[[ Data supplied, beginning ]]

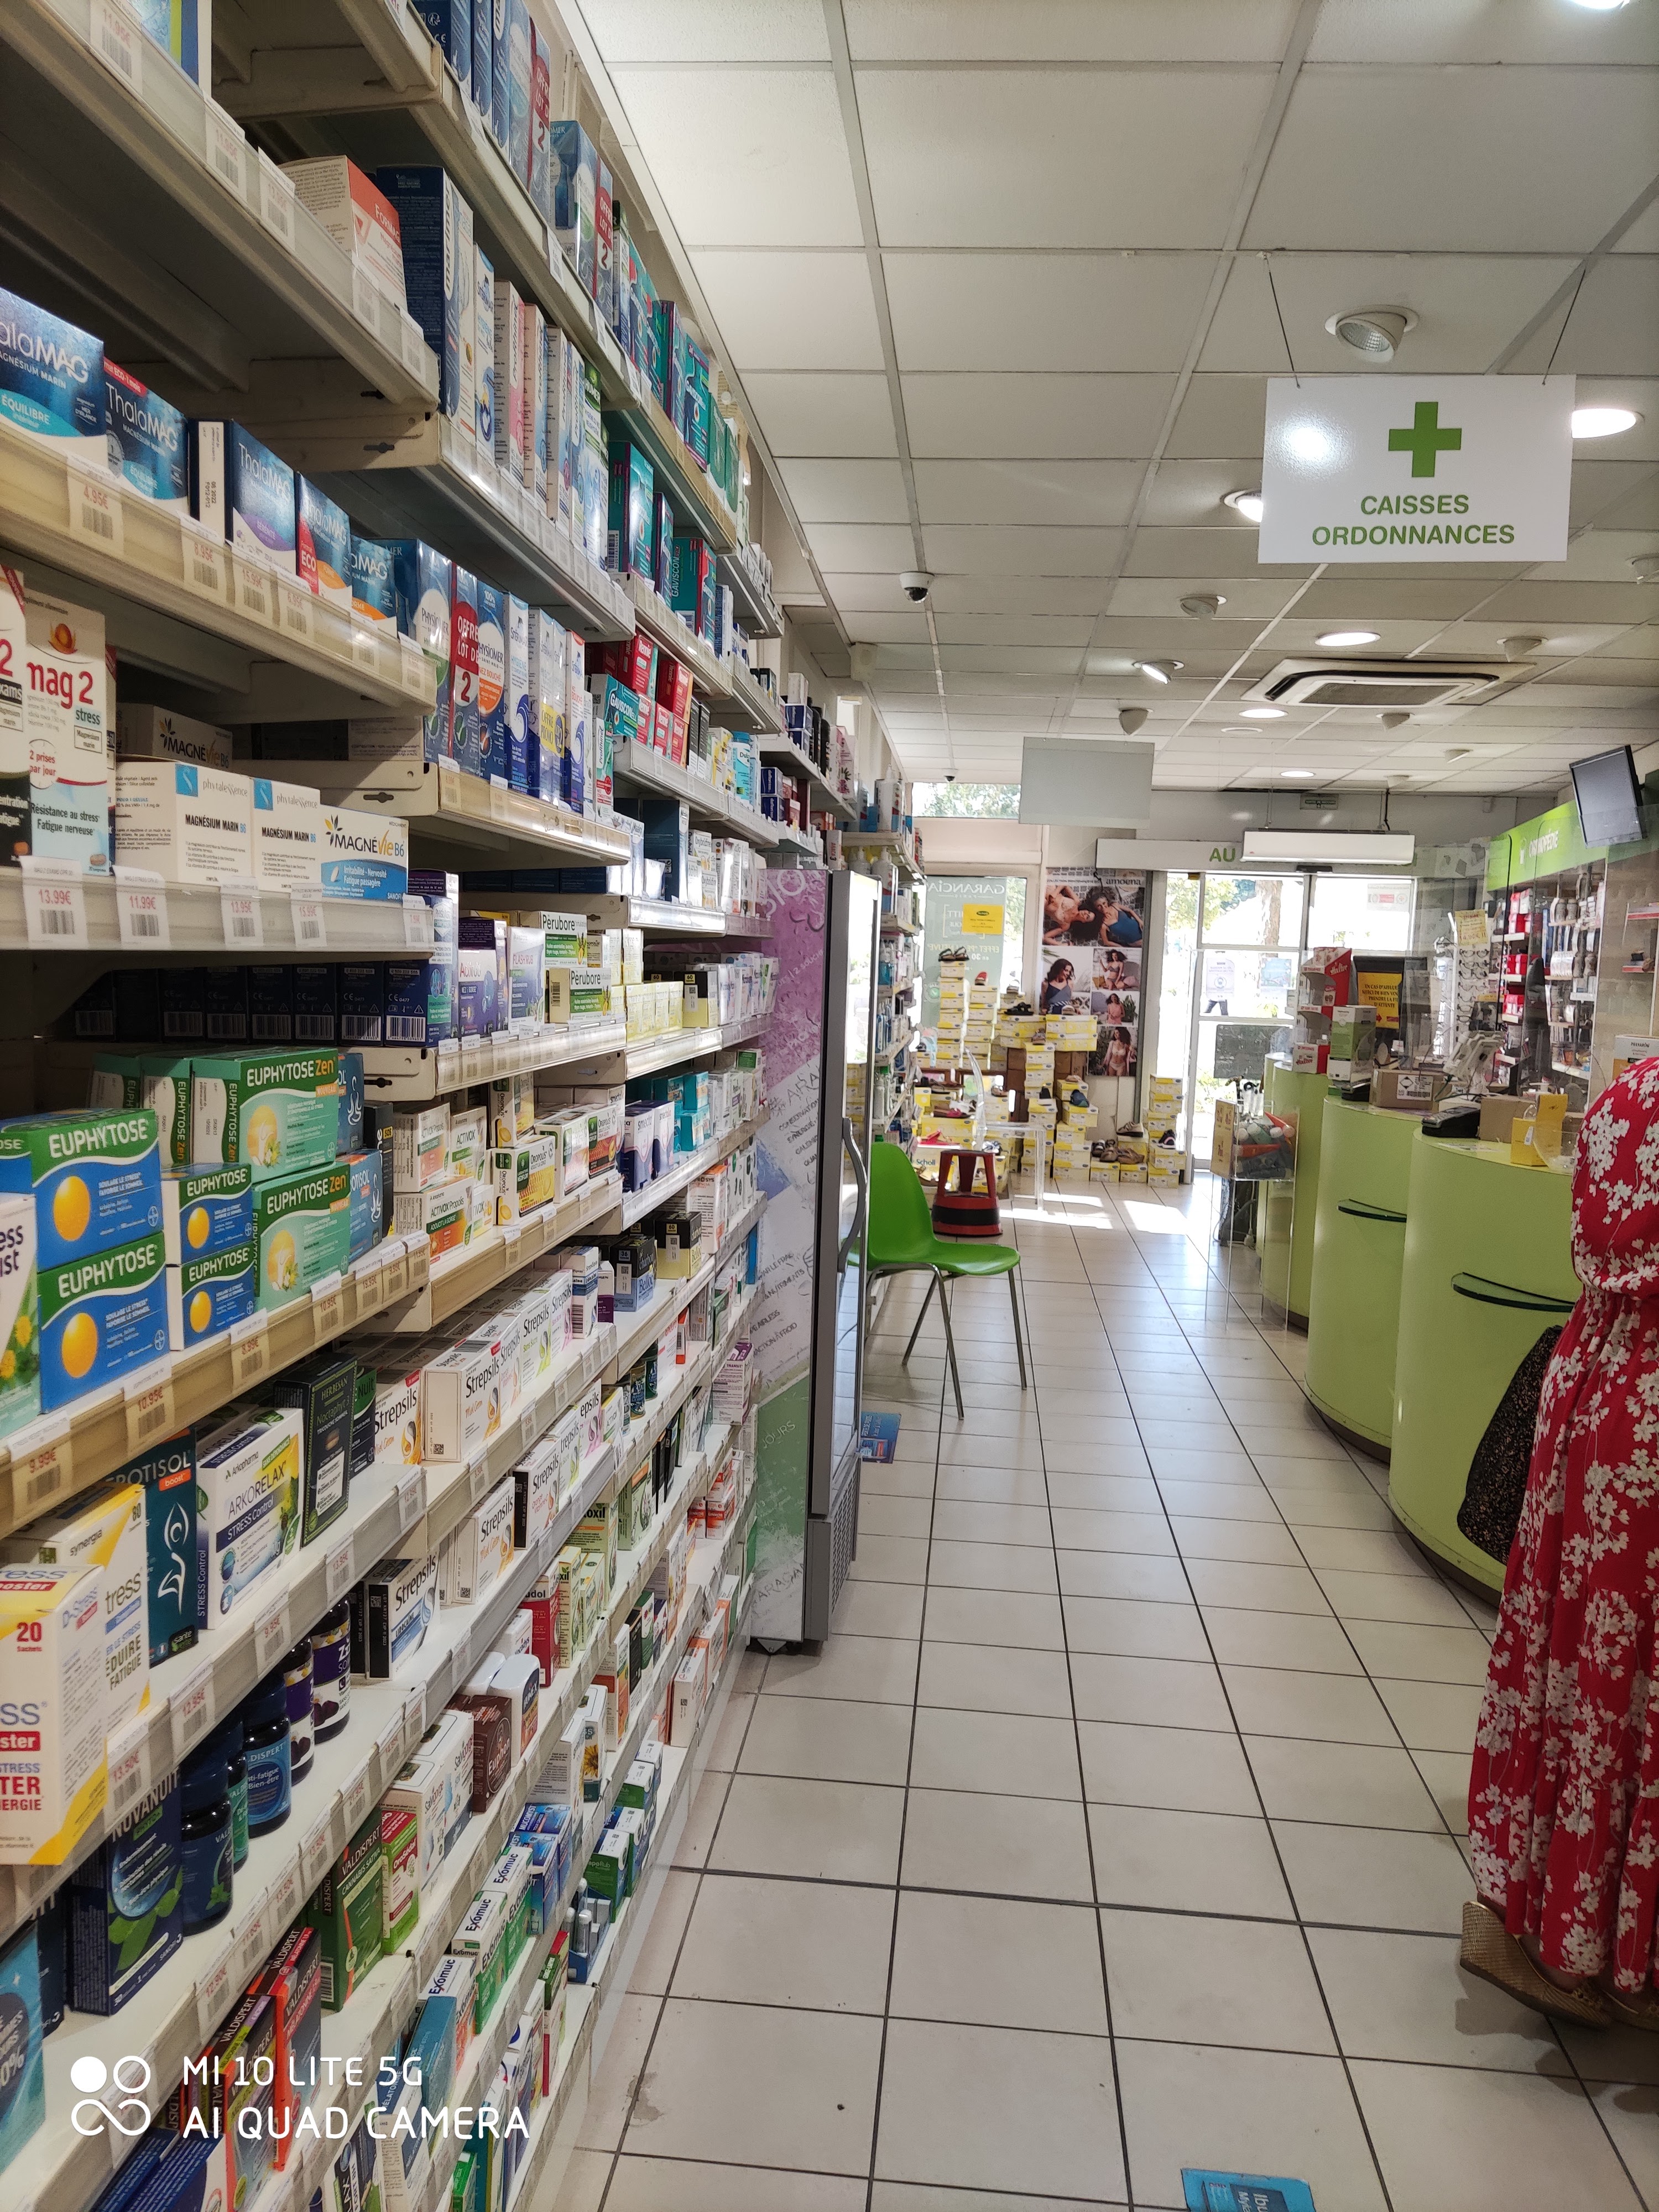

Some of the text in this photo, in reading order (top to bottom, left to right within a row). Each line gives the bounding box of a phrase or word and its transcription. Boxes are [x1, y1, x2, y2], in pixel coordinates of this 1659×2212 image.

[374, 203, 401, 243] FORMAG
[40, 368, 67, 389] MARIN
[585, 380, 601, 405] HUMER
[1, 396, 50, 425] ÉQUILIBRE
[106, 382, 178, 452] ThalaMAG
[238, 442, 291, 503] ThalaMAG
[84, 486, 108, 509] 4.95€
[1360, 494, 1469, 515] CAISSES
[1312, 524, 1515, 545] ORDONNANCES
[301, 553, 316, 572] ECO
[458, 615, 478, 643] OFFRE
[457, 640, 469, 660] LOT
[79, 671, 93, 705] 2
[461, 671, 471, 703] 2
[76, 708, 101, 725] stress
[610, 692, 632, 719] GAVISCON
[541, 713, 553, 728] OFFRE
[29, 750, 55, 764] 2 prises
[29, 765, 56, 777] par jour
[31, 803, 100, 823] Résistance au stress
[185, 814, 221, 830] MAGNÉSIUM
[222, 820, 238, 832] MARIN
[37, 819, 95, 836] Fatigue nerveuse
[262, 827, 293, 841] MAGNÉSIUM
[294, 831, 309, 842] MARIN
[394, 843, 404, 857] B6
[1209, 847, 1235, 863] AU
[344, 876, 381, 889] Fatigue passagère
[367, 868, 387, 878] Nervosité
[1105, 877, 1142, 886] amoena
[39, 889, 71, 906] 13.99€
[129, 895, 156, 910] 11.99€
[247, 1057, 336, 1087] EUPHYTOSE Zen
[178, 1081, 186, 1141] EUPHYTOSE
[229, 1083, 238, 1144] EUPHYTOSE
[638, 1115, 652, 1131] smecta
[49, 1118, 149, 1159] EUPHYTOSE
[457, 1129, 476, 1146] ACTIVOX
[187, 1168, 248, 1197] EUPHYTOSE
[267, 1172, 347, 1214] EUPHYTOSE Zen
[431, 1196, 464, 1217] ACTIVOX Propolis
[58, 1244, 157, 1298] EUPHYTOSE
[189, 1246, 250, 1282] EUPHYTOSE
[552, 1283, 571, 1313] Strepsils
[523, 1307, 550, 1338] Strepsils
[500, 1328, 520, 1366] Strepsils
[321, 1376, 348, 1401] HERBESAN
[466, 1355, 499, 1398] Strepsils
[137, 1386, 163, 1411] 10.95€
[374, 1387, 418, 1435] Strepsils
[580, 1392, 599, 1417] epsils
[763, 1421, 796, 1449] JOURS
[232, 1452, 259, 1477] Arkopharma
[533, 1452, 559, 1495] Strepsils
[165, 1473, 184, 1488] boost
[228, 1461, 285, 1520] ARKORELAX
[132, 1502, 142, 1522] 80
[228, 1496, 274, 1540] STRESS Control
[481, 1495, 513, 1543] Strepsils
[70, 1529, 102, 1557] synergia
[395, 1554, 437, 1611] Strepsils
[17, 1623, 41, 1642] 20
[395, 1611, 414, 1637] LIDOCAÏNE
[109, 1652, 142, 1691] FATIGUE
[523, 1682, 538, 1710] HUMEX
[488, 1738, 510, 1776] Euphon
[519, 1805, 536, 1830] MUCOMYST
[341, 1825, 382, 1876] VALDISPERT
[341, 1869, 362, 1896] CANNABIS
[493, 1853, 518, 1884] Exomuc
[508, 1876, 532, 1922] Exomuc
[466, 1898, 491, 1932] Exomuc
[270, 1931, 300, 1970] VALDISPERT
[453, 1948, 478, 1957] Exomuc
[482, 1918, 506, 1971] Exomuc
[285, 1952, 320, 2017] VALDISPERT
[429, 1959, 455, 1995] Exomuc
[220, 1998, 256, 2043] VALDISPERT

[[ Data supplied, end ]]

Task goal:
Write the lines above out again exactly, excluding every picture.

The completed task:
Some of the text in this photo, in reading order (top to bottom, left to right within a row). Each line gives the bounding box of a phrase or word and its transcription. Boxes are [x1, y1, x2, y2], in pixel coordinates of this 1659×2212 image.

[374, 203, 401, 243] FORMAG
[40, 368, 67, 389] MARIN
[585, 380, 601, 405] HUMER
[1, 396, 50, 425] ÉQUILIBRE
[106, 382, 178, 452] ThalaMAG
[238, 442, 291, 503] ThalaMAG
[84, 486, 108, 509] 4.95€
[1360, 494, 1469, 515] CAISSES
[1312, 524, 1515, 545] ORDONNANCES
[301, 553, 316, 572] ECO
[458, 615, 478, 643] OFFRE
[457, 640, 469, 660] LOT
[79, 671, 93, 705] 2
[461, 671, 471, 703] 2
[76, 708, 101, 725] stress
[610, 692, 632, 719] GAVISCON
[541, 713, 553, 728] OFFRE
[29, 750, 55, 764] 2 prises
[29, 765, 56, 777] par jour
[31, 803, 100, 823] Résistance au stress
[185, 814, 221, 830] MAGNÉSIUM
[222, 820, 238, 832] MARIN
[37, 819, 95, 836] Fatigue nerveuse
[262, 827, 293, 841] MAGNÉSIUM
[294, 831, 309, 842] MARIN
[394, 843, 404, 857] B6
[1209, 847, 1235, 863] AU
[344, 876, 381, 889] Fatigue passagère
[367, 868, 387, 878] Nervosité
[1105, 877, 1142, 886] amoena
[39, 889, 71, 906] 13.99€
[129, 895, 156, 910] 11.99€
[247, 1057, 336, 1087] EUPHYTOSE Zen
[178, 1081, 186, 1141] EUPHYTOSE
[229, 1083, 238, 1144] EUPHYTOSE
[638, 1115, 652, 1131] smecta
[49, 1118, 149, 1159] EUPHYTOSE
[457, 1129, 476, 1146] ACTIVOX
[187, 1168, 248, 1197] EUPHYTOSE
[267, 1172, 347, 1214] EUPHYTOSE Zen
[431, 1196, 464, 1217] ACTIVOX Propolis
[58, 1244, 157, 1298] EUPHYTOSE
[189, 1246, 250, 1282] EUPHYTOSE
[552, 1283, 571, 1313] Strepsils
[523, 1307, 550, 1338] Strepsils
[500, 1328, 520, 1366] Strepsils
[321, 1376, 348, 1401] HERBESAN
[466, 1355, 499, 1398] Strepsils
[137, 1386, 163, 1411] 10.95€
[374, 1387, 418, 1435] Strepsils
[580, 1392, 599, 1417] epsils
[763, 1421, 796, 1449] JOURS
[232, 1452, 259, 1477] Arkopharma
[533, 1452, 559, 1495] Strepsils
[165, 1473, 184, 1488] boost
[228, 1461, 285, 1520] ARKORELAX
[132, 1502, 142, 1522] 80
[228, 1496, 274, 1540] STRESS Control
[481, 1495, 513, 1543] Strepsils
[70, 1529, 102, 1557] synergia
[395, 1554, 437, 1611] Strepsils
[17, 1623, 41, 1642] 20
[395, 1611, 414, 1637] LIDOCAÏNE
[109, 1652, 142, 1691] FATIGUE
[523, 1682, 538, 1710] HUMEX
[488, 1738, 510, 1776] Euphon
[519, 1805, 536, 1830] MUCOMYST
[341, 1825, 382, 1876] VALDISPERT
[341, 1869, 362, 1896] CANNABIS
[493, 1853, 518, 1884] Exomuc
[508, 1876, 532, 1922] Exomuc
[466, 1898, 491, 1932] Exomuc
[270, 1931, 300, 1970] VALDISPERT
[453, 1948, 478, 1957] Exomuc
[482, 1918, 506, 1971] Exomuc
[285, 1952, 320, 2017] VALDISPERT
[429, 1959, 455, 1995] Exomuc
[220, 1998, 256, 2043] VALDISPERT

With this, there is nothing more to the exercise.